◆ **Directions for this task**:
The entries below should be set down again exactly, with every picture left out.

◆ **Input for this task**:
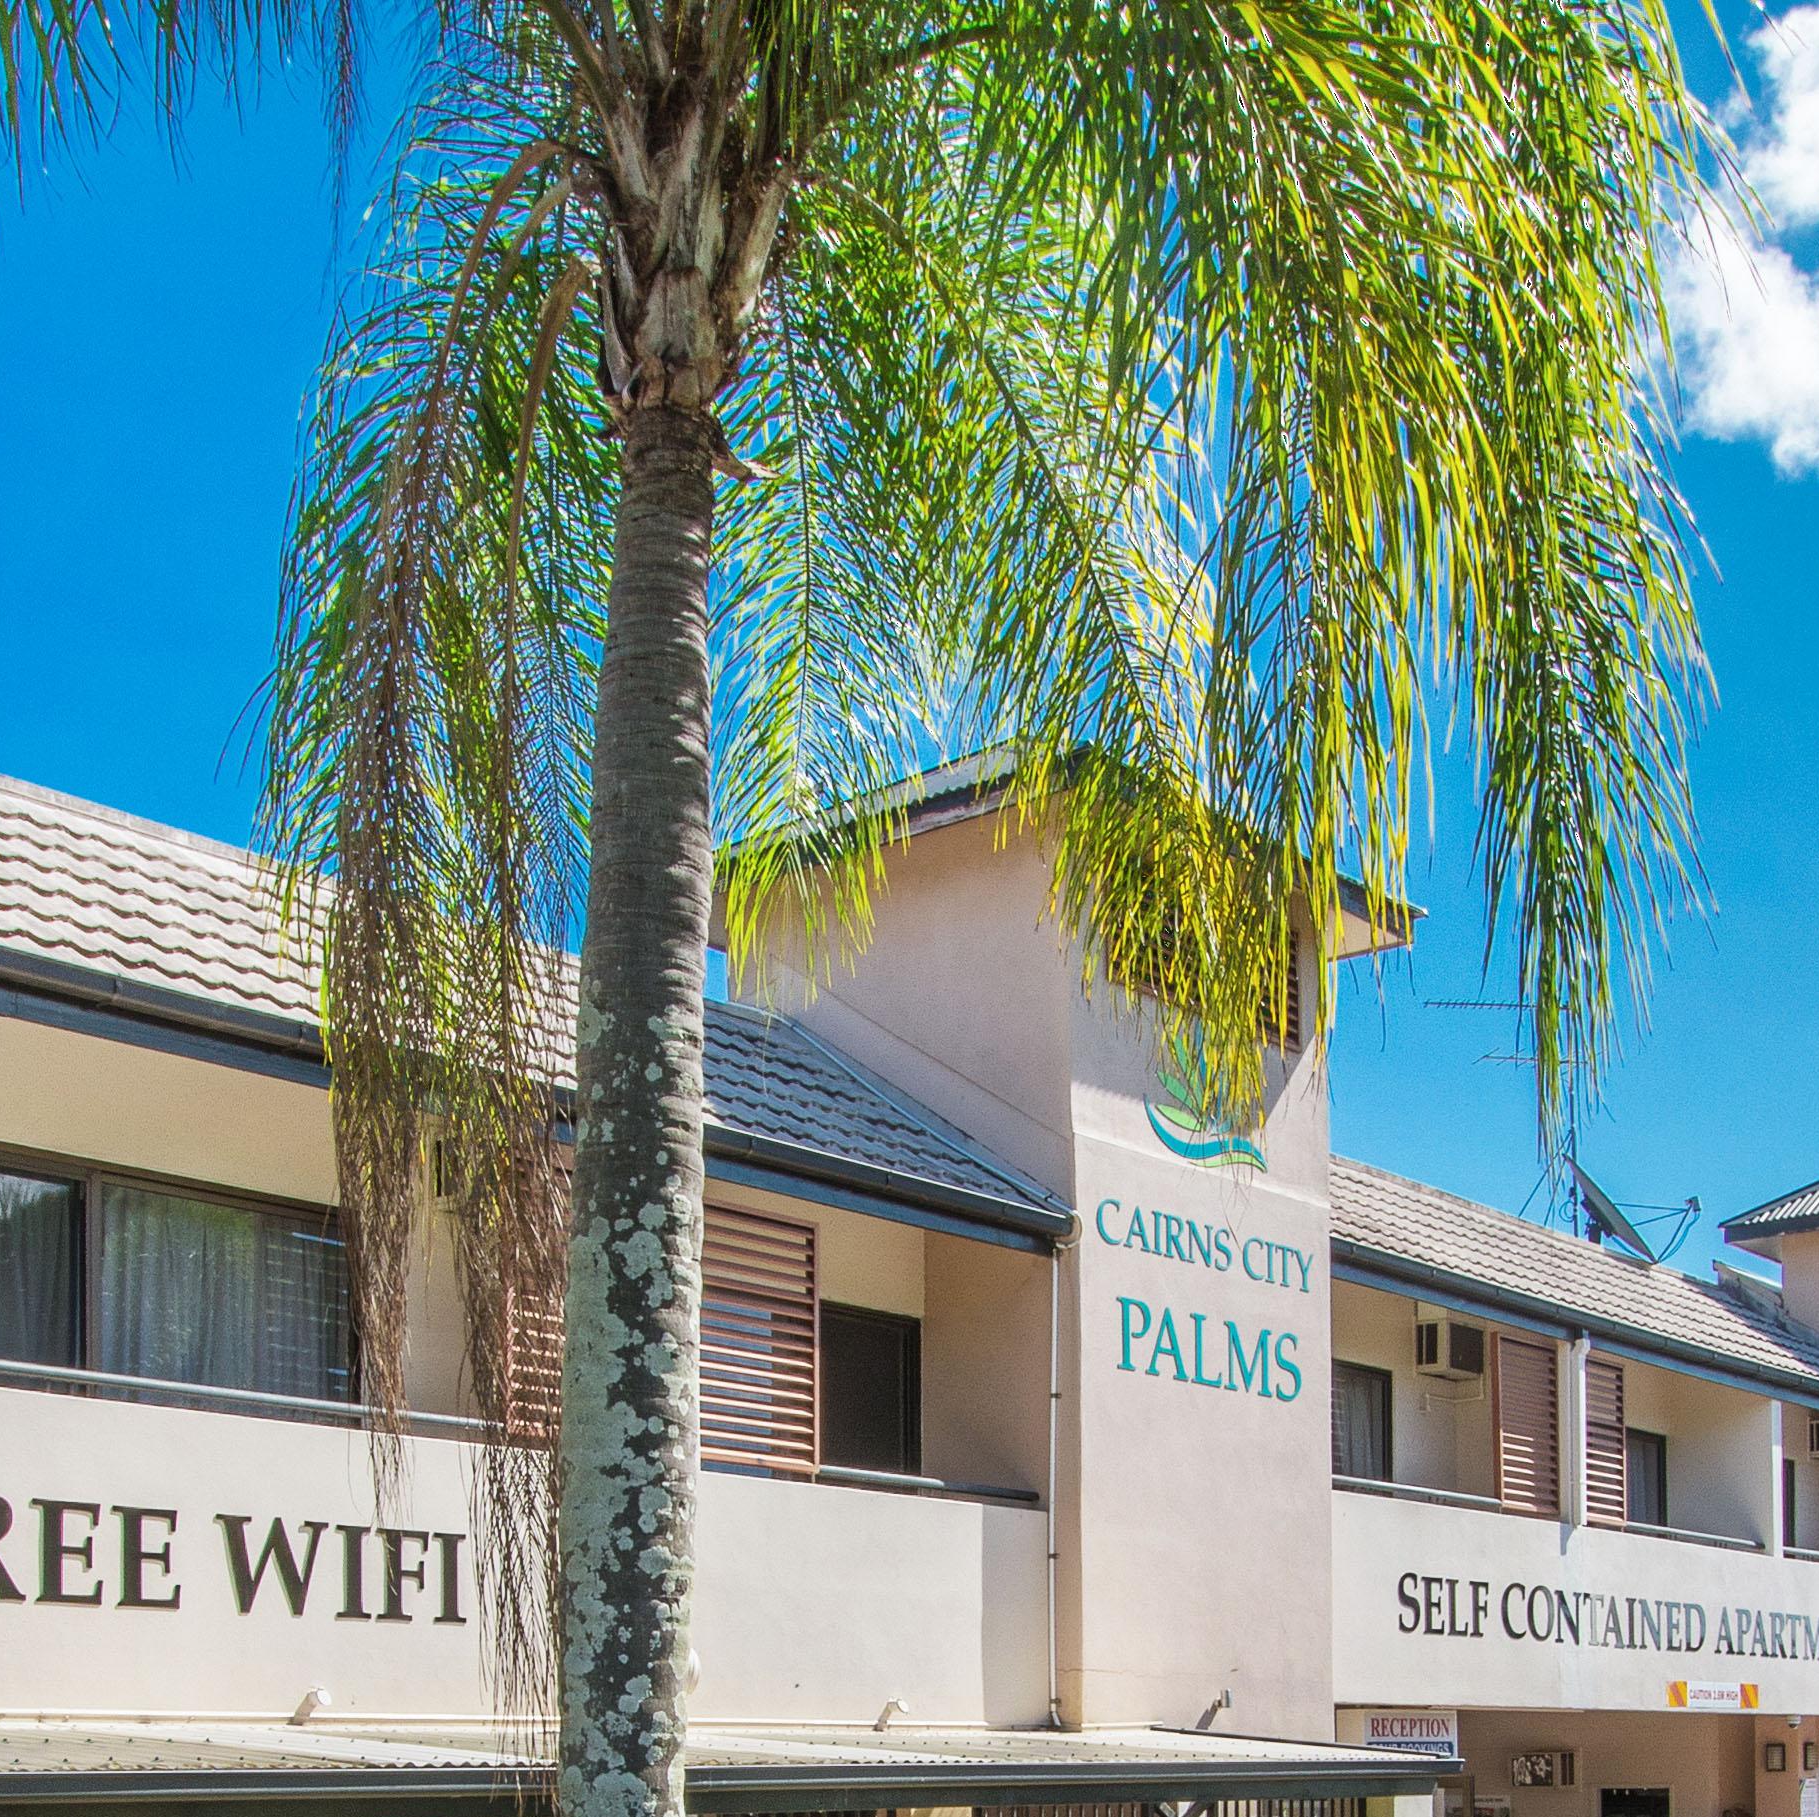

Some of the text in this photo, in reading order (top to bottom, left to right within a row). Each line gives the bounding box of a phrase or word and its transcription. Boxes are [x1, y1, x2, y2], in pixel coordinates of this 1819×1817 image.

[1095, 1198, 1314, 1293] CAIRNS CITY
[1116, 1295, 1303, 1402] PALMS
[213, 1512, 467, 1624] WIFI
[1397, 1572, 1489, 1638] SELF
[1501, 1582, 1707, 1653] CONTAINED
[1370, 1717, 1451, 1738] RECEPTION
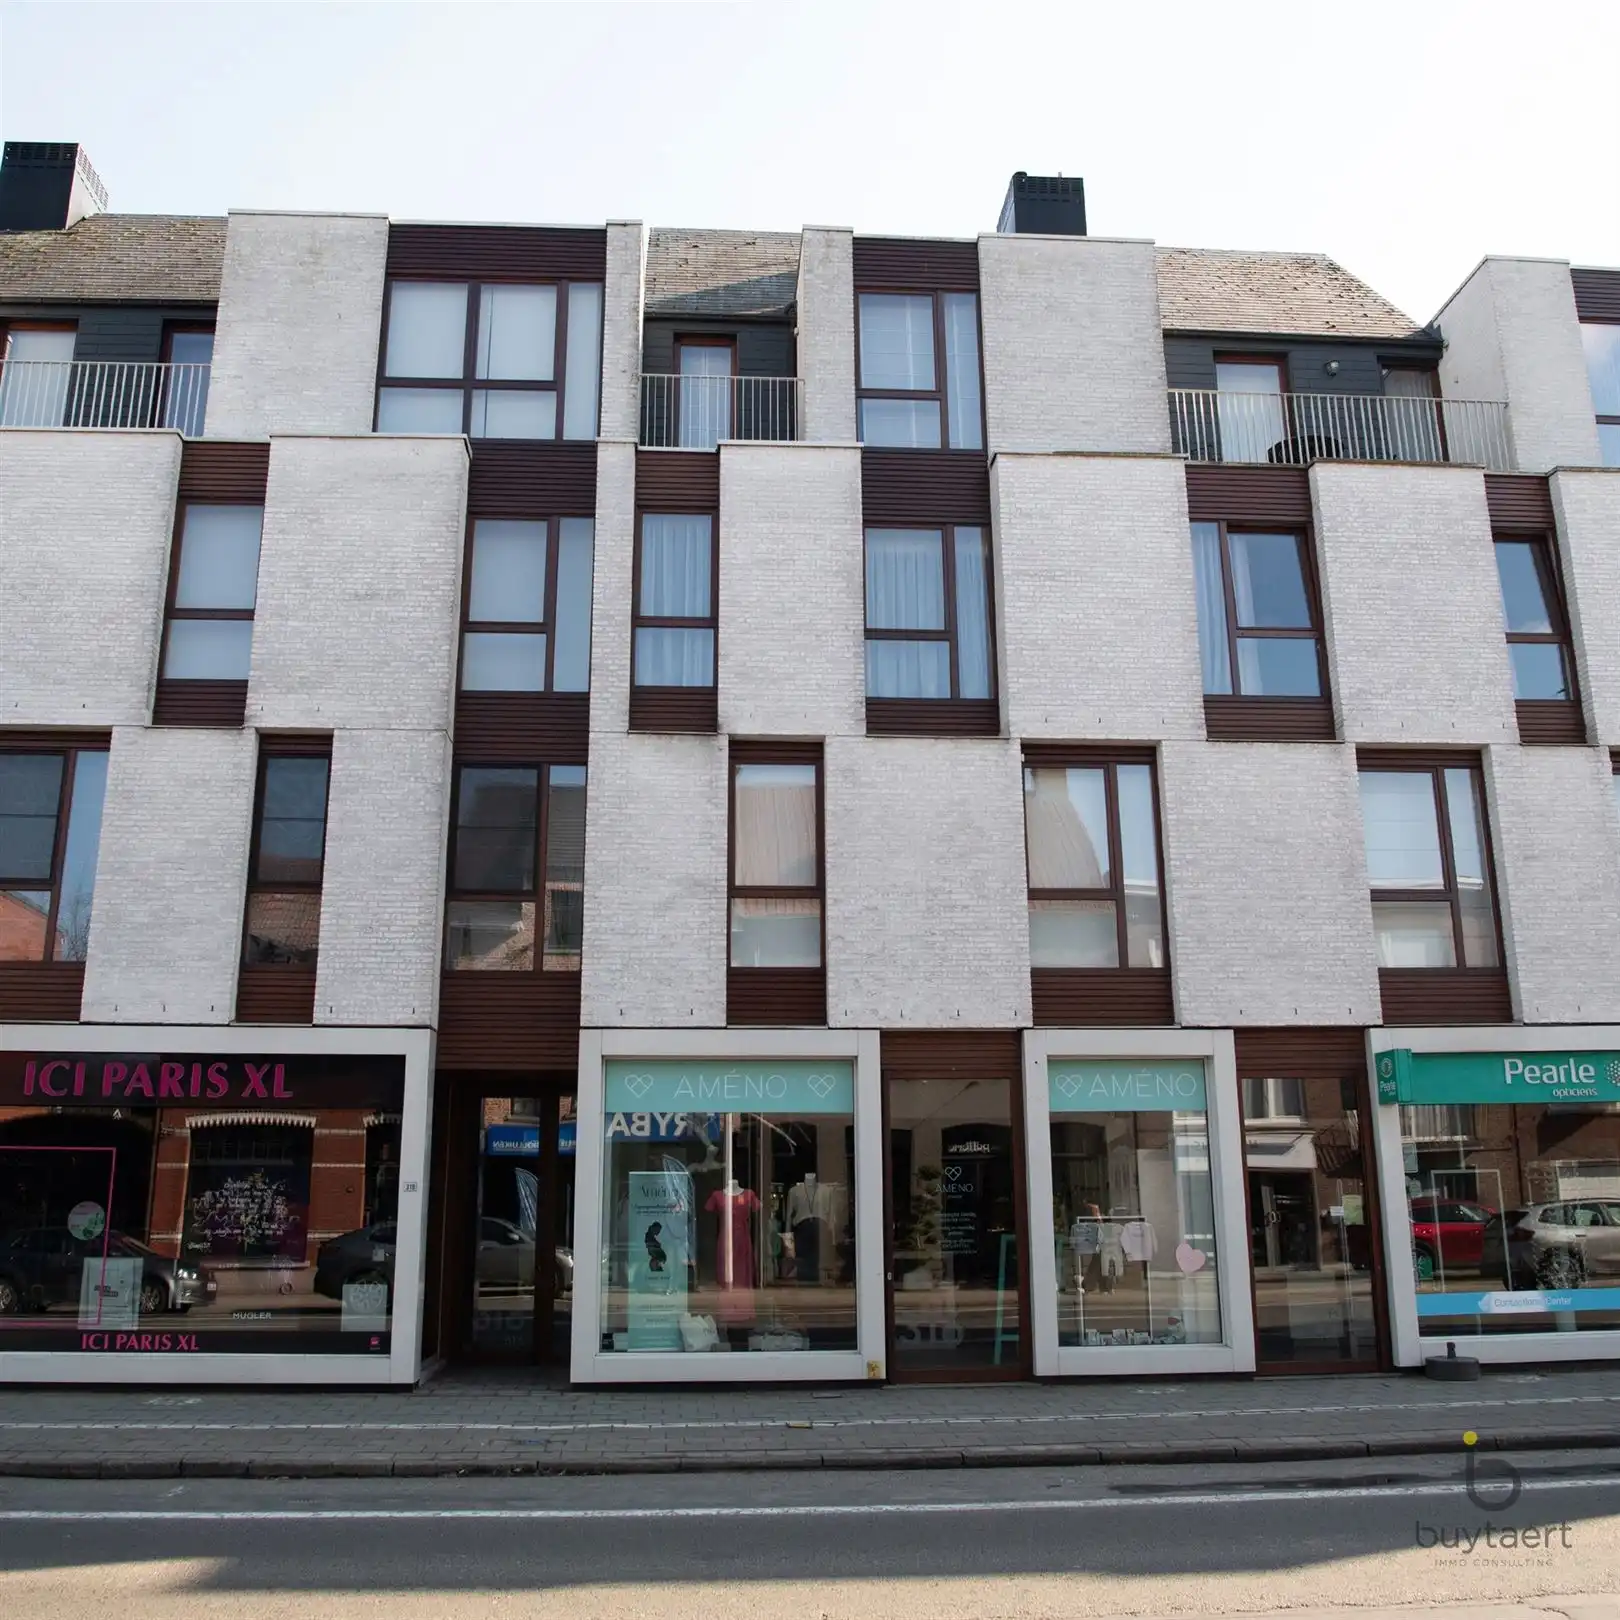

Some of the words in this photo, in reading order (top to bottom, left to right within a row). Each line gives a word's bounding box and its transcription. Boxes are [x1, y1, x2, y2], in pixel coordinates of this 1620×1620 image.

[23, 1060, 86, 1096] ICI
[101, 1062, 230, 1099] PARIS
[241, 1063, 294, 1099] XL
[673, 1069, 788, 1099] AMÉNO
[1088, 1068, 1197, 1098] AMÉNO
[1504, 1058, 1595, 1085] Pearle
[1552, 1087, 1598, 1098] opticiens
[232, 1311, 272, 1320] MUGLER
[81, 1333, 109, 1351] ICI
[115, 1334, 173, 1351] PARIS
[176, 1334, 200, 1352] XL
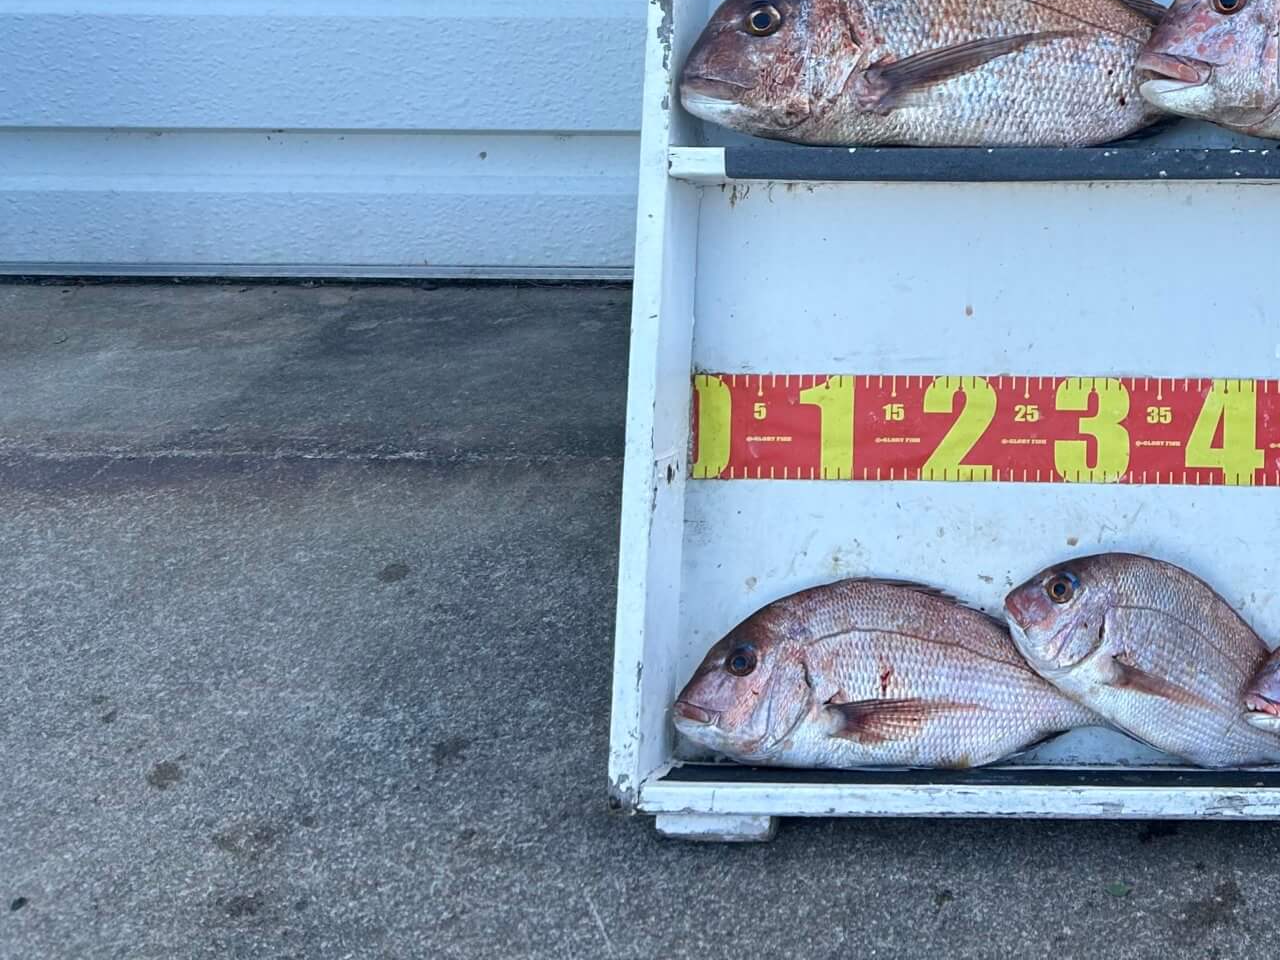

◆ **Written solution**:
Some of the text in this photo, in reading order (top to bottom, left to right within a row). Each line gives the bounding box of a phrase or word and its transcription. Boxes are [x1, y1, x2, y2], in pixel coordinates of this 1819×1817 image.

[1095, 1198, 1314, 1293] CAIRNS CITY
[1116, 1295, 1303, 1402] PALMS
[213, 1512, 467, 1624] WIFI
[1397, 1572, 1489, 1638] SELF
[1501, 1582, 1707, 1653] CONTAINED
[1370, 1717, 1451, 1738] RECEPTION

Some of the words in this photo, in reading order (top to bottom, left to right within a row). Each line gives a word's bounding box and its transcription. Boxes are [x1, y1, x2, y2], in pixel coordinates of this 1620×1620 image.

[23, 1060, 86, 1096] ICI
[101, 1062, 230, 1099] PARIS
[241, 1063, 294, 1099] XL
[673, 1069, 788, 1099] AMÉNO
[1088, 1068, 1197, 1098] AMÉNO
[1504, 1058, 1595, 1085] Pearle
[1552, 1087, 1598, 1098] opticiens
[232, 1311, 272, 1320] MUGLER
[81, 1333, 109, 1351] ICI
[115, 1334, 173, 1351] PARIS
[176, 1334, 200, 1352] XL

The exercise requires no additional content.